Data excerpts

● ● ● ●

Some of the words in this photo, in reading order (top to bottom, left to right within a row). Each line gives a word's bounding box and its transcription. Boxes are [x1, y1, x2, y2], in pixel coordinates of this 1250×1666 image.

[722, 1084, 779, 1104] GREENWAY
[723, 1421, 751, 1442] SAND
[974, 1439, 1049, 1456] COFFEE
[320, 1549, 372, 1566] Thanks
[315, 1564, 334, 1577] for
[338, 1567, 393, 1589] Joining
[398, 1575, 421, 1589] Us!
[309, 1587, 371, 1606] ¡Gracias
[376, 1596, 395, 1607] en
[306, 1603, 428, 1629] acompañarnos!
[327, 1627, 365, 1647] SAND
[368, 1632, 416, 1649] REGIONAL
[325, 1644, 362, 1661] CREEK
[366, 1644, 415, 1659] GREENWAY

● ● ● ●

### About this task
Return every record exactly as it was given.

### Finished exercise
Some of the words in this photo, in reading order (top to bottom, left to right within a row). Each line gives a word's bounding box and its transcription. Boxes are [x1, y1, x2, y2], in pixel coordinates of this 1250×1666 image.

[722, 1084, 779, 1104] GREENWAY
[723, 1421, 751, 1442] SAND
[974, 1439, 1049, 1456] COFFEE
[320, 1549, 372, 1566] Thanks
[315, 1564, 334, 1577] for
[338, 1567, 393, 1589] Joining
[398, 1575, 421, 1589] Us!
[309, 1587, 371, 1606] ¡Gracias
[376, 1596, 395, 1607] en
[306, 1603, 428, 1629] acompañarnos!
[327, 1627, 365, 1647] SAND
[368, 1632, 416, 1649] REGIONAL
[325, 1644, 362, 1661] CREEK
[366, 1644, 415, 1659] GREENWAY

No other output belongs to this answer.